Input material: Begin

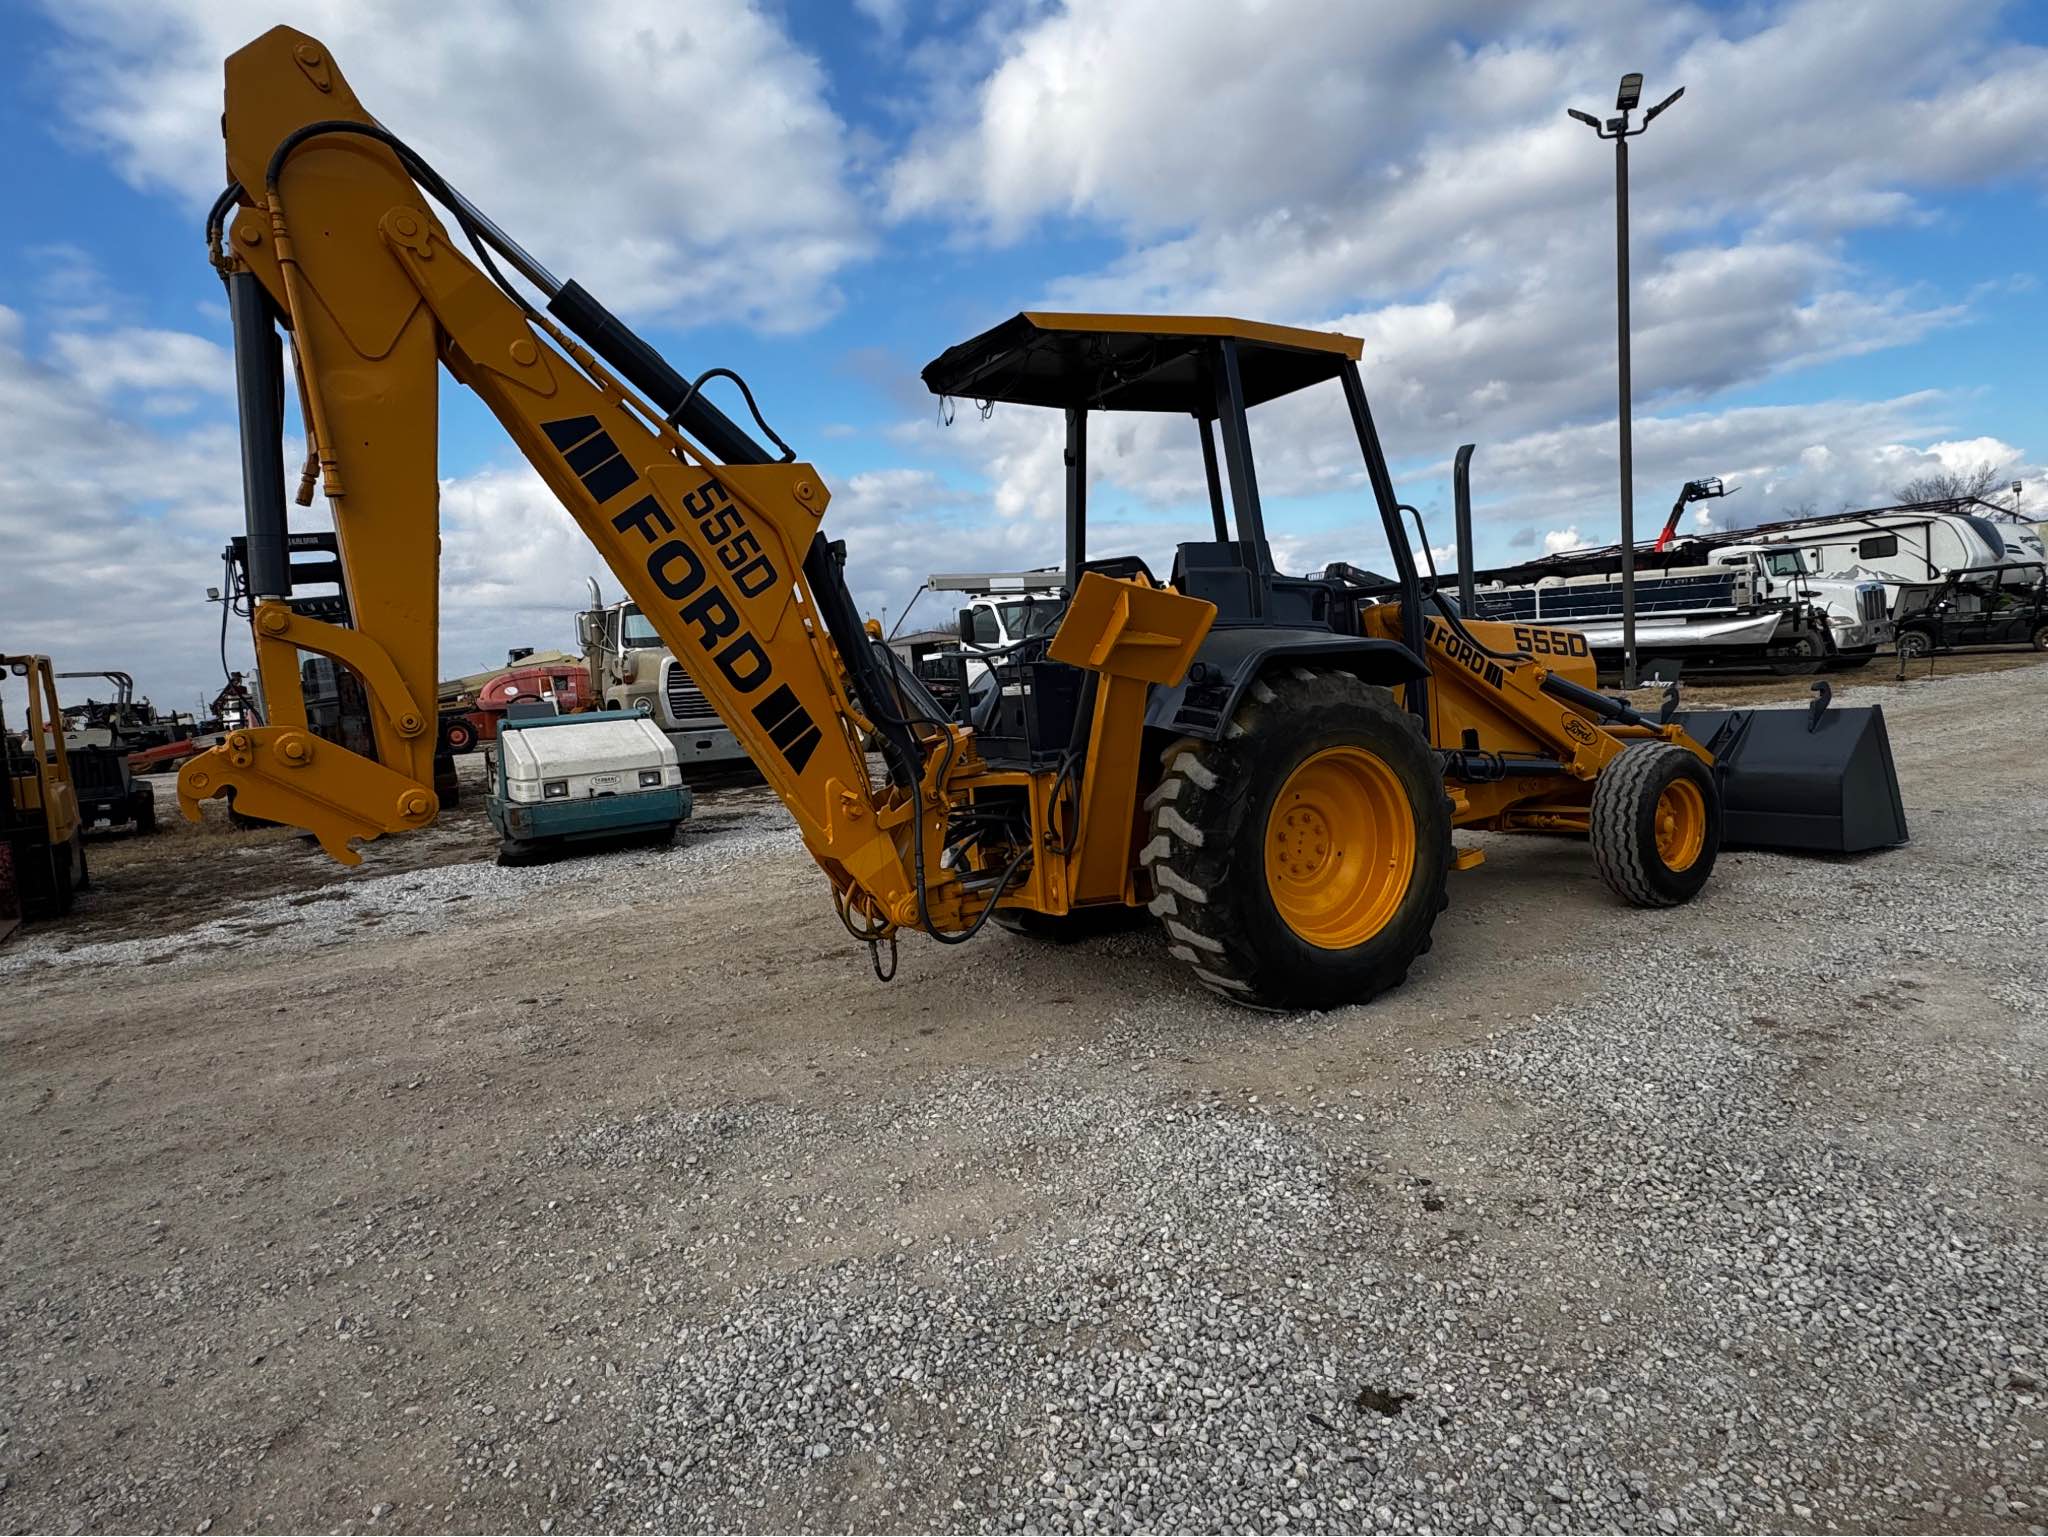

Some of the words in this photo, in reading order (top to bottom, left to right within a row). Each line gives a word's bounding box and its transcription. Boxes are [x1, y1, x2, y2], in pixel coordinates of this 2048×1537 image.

[682, 479, 778, 599] 555D
[611, 494, 773, 693] FORD
[1434, 626, 1486, 674] FORD
[1514, 627, 1588, 657] 555D
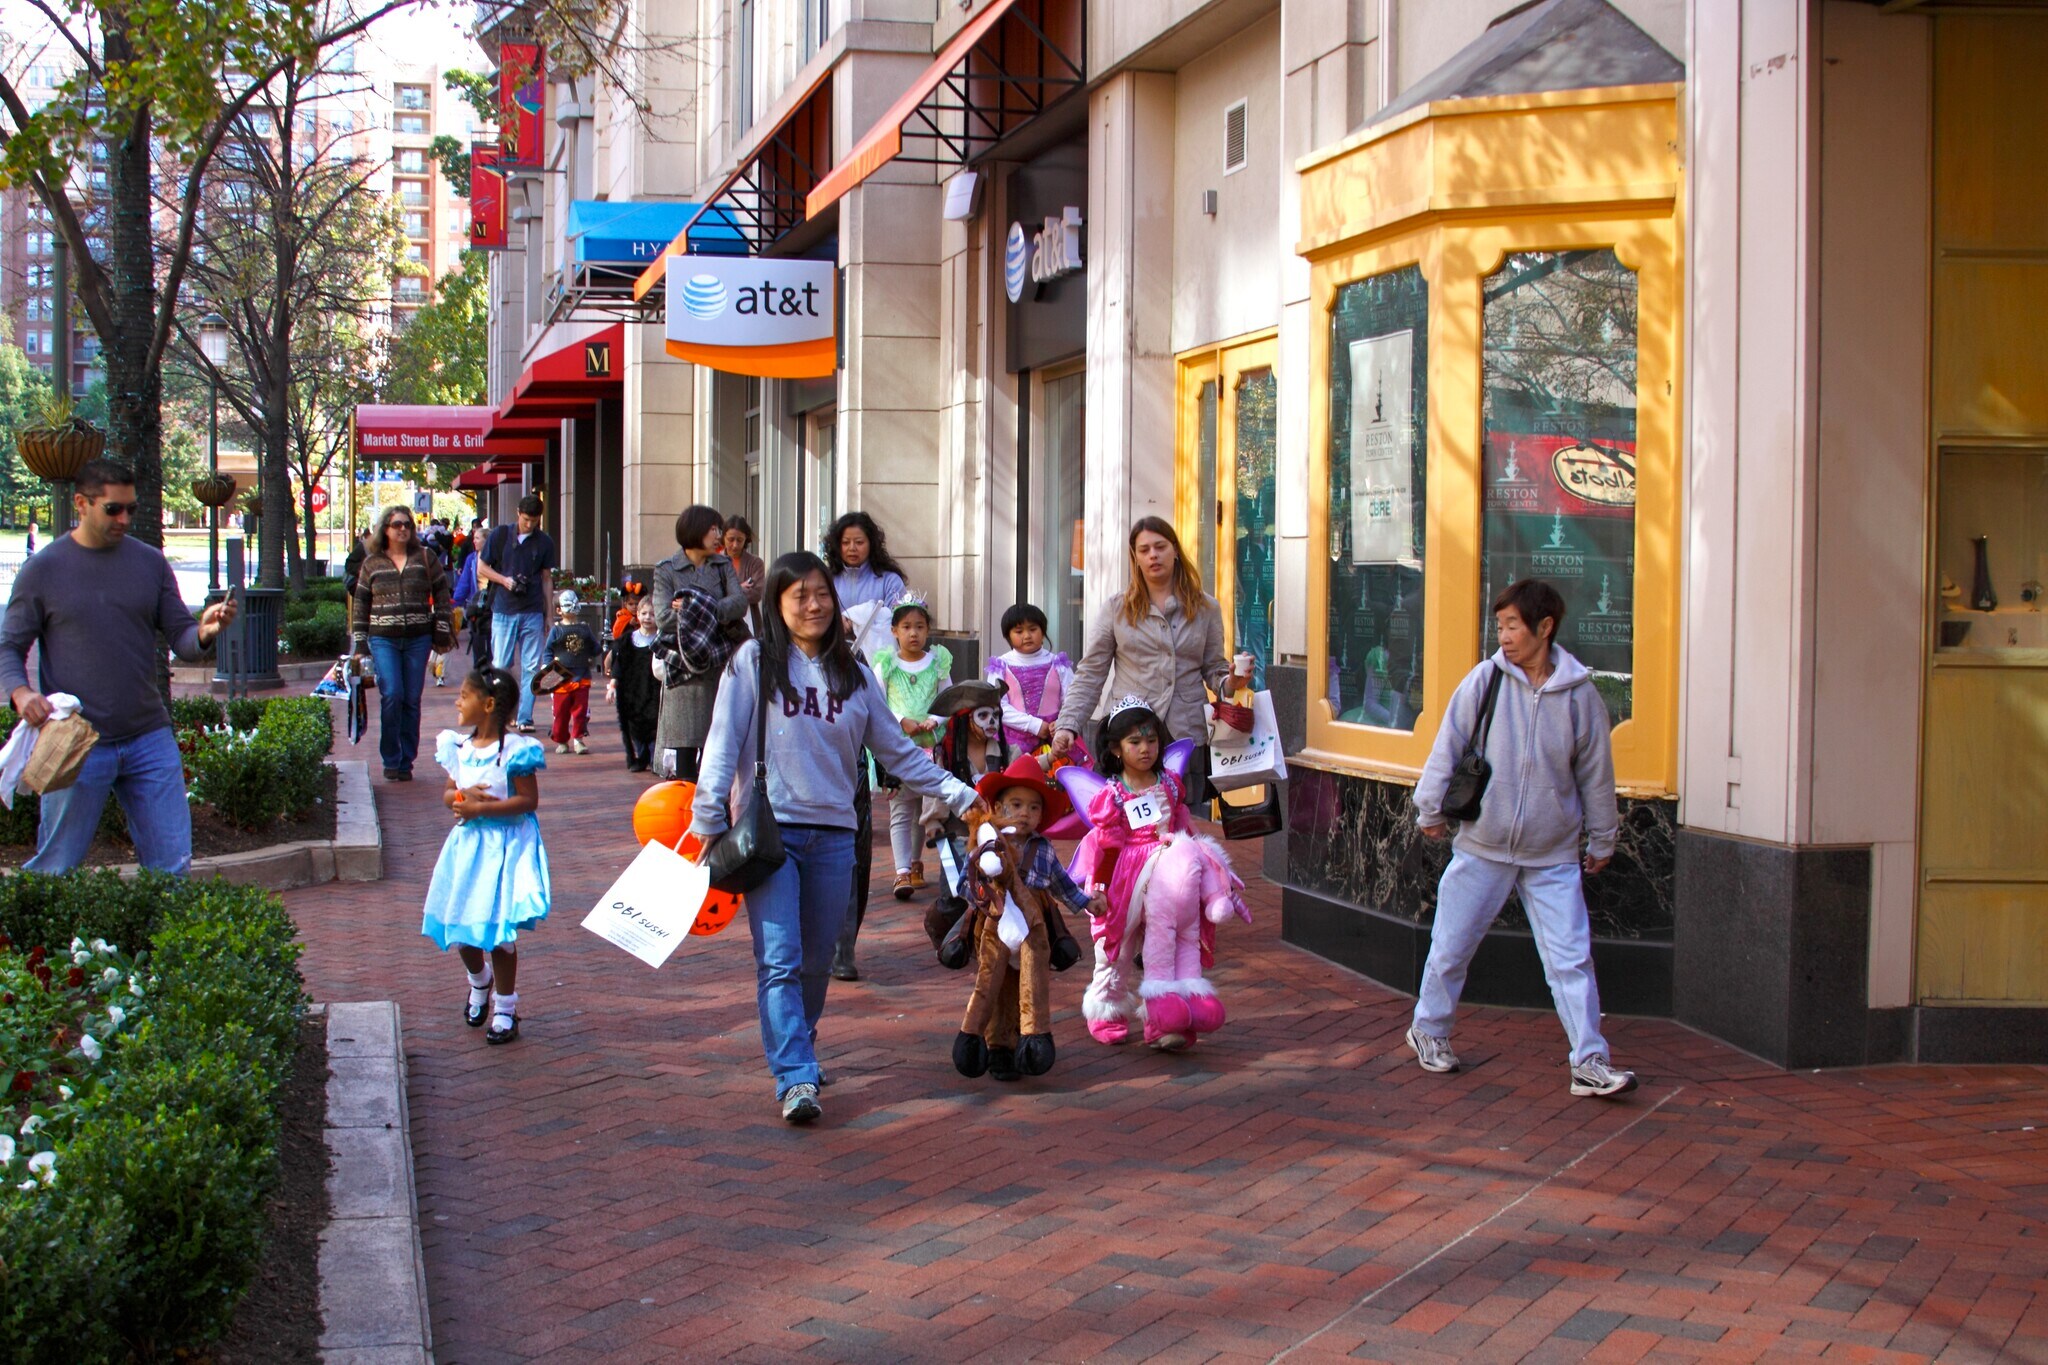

Input material: End

▶ _Exercise description_
Please print every record exactly, leaving out the pictures.

▶ _Response to this task_
Some of the words in this photo, in reading order (top to bottom, left to right within a row). Each line gives a word's bounding box and its transcription. Boxes are [x1, y1, x2, y2], in pixel coordinates of this 2048×1537 image.

[682, 479, 778, 599] 555D
[611, 494, 773, 693] FORD
[1434, 626, 1486, 674] FORD
[1514, 627, 1588, 657] 555D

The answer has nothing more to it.